THE COLONIAL HOTEL
By Jonathan Bennett
The Colonial Hotel takes a classic tale and recasts it in a form both episodic and abstract. The names of the characters are borrowed from Greek mythology, though the Trojan war parallel isn’t developed much beyond those names. A doctor, Paris (the son of Priam), accompanied by a nurse who is also his lover (Helen), find themselves in the midst of a civil war in a developing nation. Helen gets pregnant, but is separated from Paris, who ends up in a prison camp. There he experiences various horrors, meets a man named Hector and, after his release, finds himself in a relationship with a local woman named Oenone, with whom he has another child.

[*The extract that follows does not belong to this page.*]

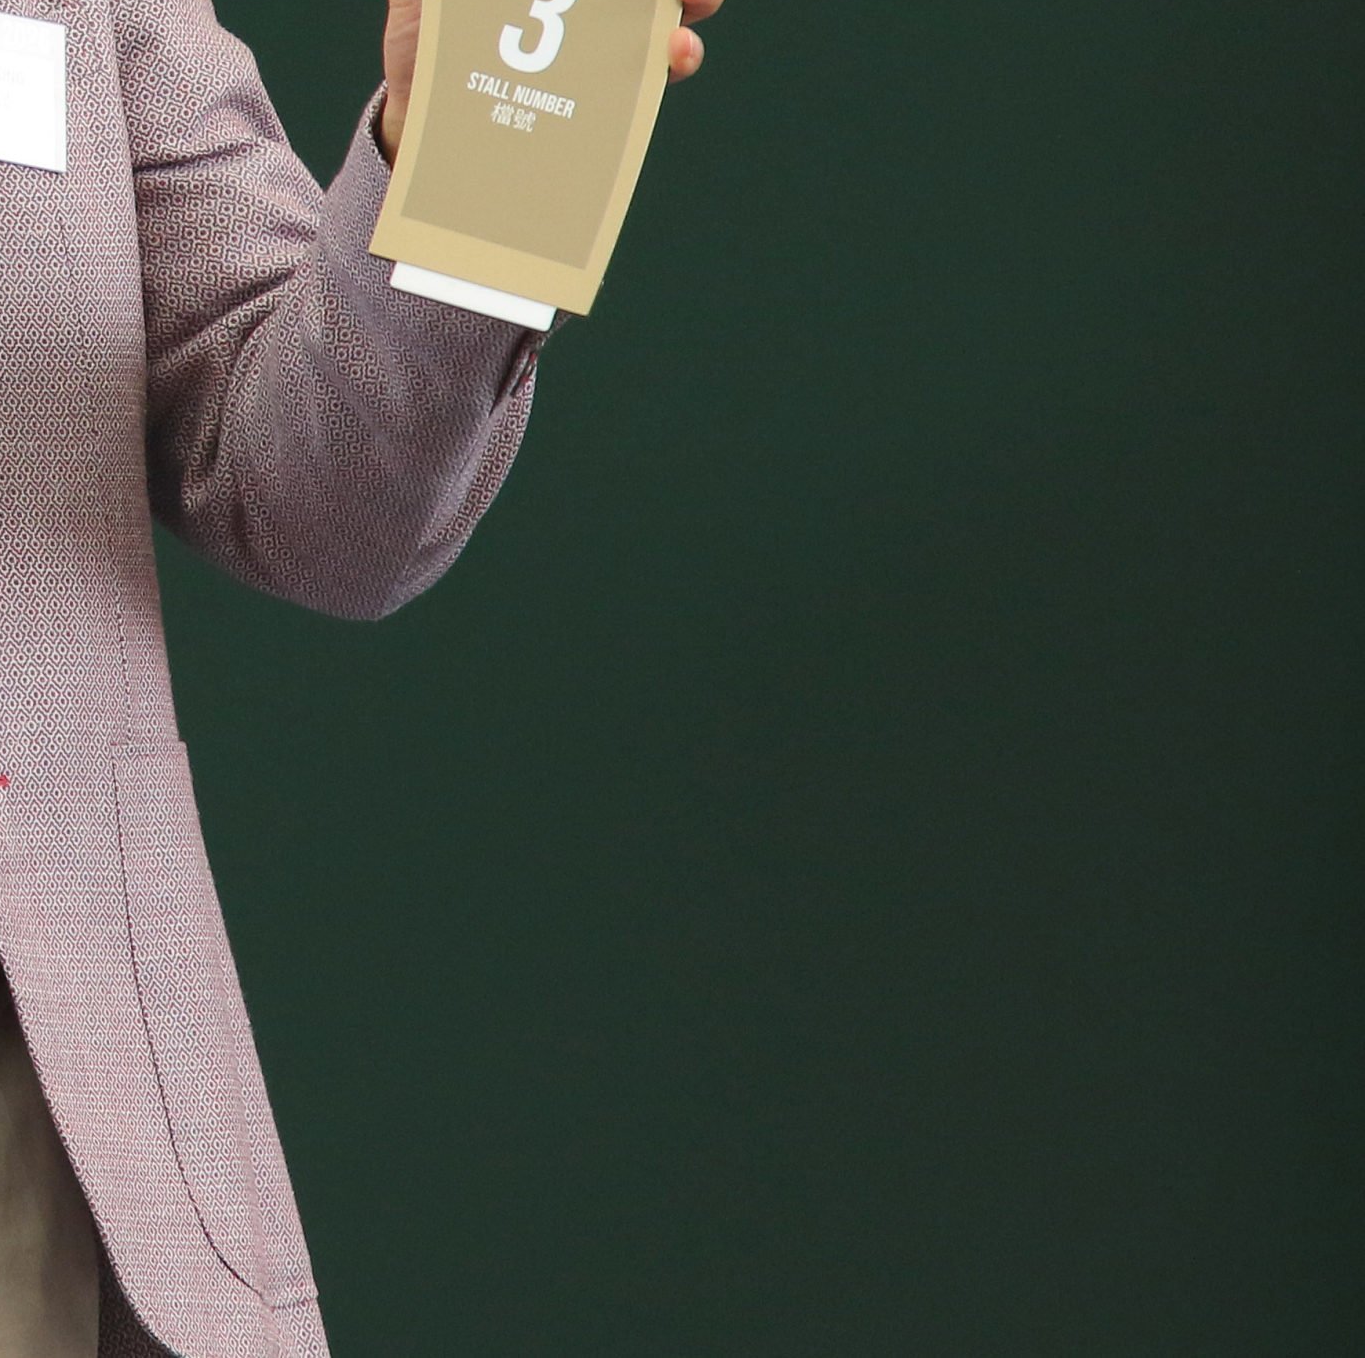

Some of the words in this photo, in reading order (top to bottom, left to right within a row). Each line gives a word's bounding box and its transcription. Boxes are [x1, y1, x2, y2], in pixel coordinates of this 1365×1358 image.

[467, 71, 510, 100] STALL
[512, 84, 576, 119] NUMBER
[490, 101, 537, 132] 檔號

Just as the names suggest figures who are more mythic types than conventionally realistic characters, the setting is deliberately left generic and vague. It’s never specified where or when the action is taking place. We are told that the bad guys are from the north, or the mountains, and are murderous and corrupt, engaging in the kind of tribal cleansing and bloodshed familiar to many spots around the globe. They could be any one of a dozen groups currently in the news.
Adding to the sense of storybook indeterminacy is the elevated language the characters use, which seems at times as though it is being translated from some ancient text, the original meaning of which is no longer accessible. Oenone, for example, nurses Paris back to health by making him “eat the root of the tree that heals,” and a page later she joins the women of her village to help “gather the fruit that was ripe on the trees in the next valley.” That is as specific as the floral references get.
Originally conceived as a poetic sequence, the writing can also be pitched at a stilted rhetorical level. “As the rain falls into the sea, as the dead animal seeps into the ground or is eaten, as fire makes way for tiny green shoots, so love once shared and accepted becomes all other loves that came before.” A lot of the book sounds like this.
One can understand Bennett’s desire to write a political fable both contemporary and timeless, but his intensity and moral earnestness can be a burden. The Colonial Hotel aches for a lighter touch, a sense of humour and a less formal mode of address grounded in the here and now.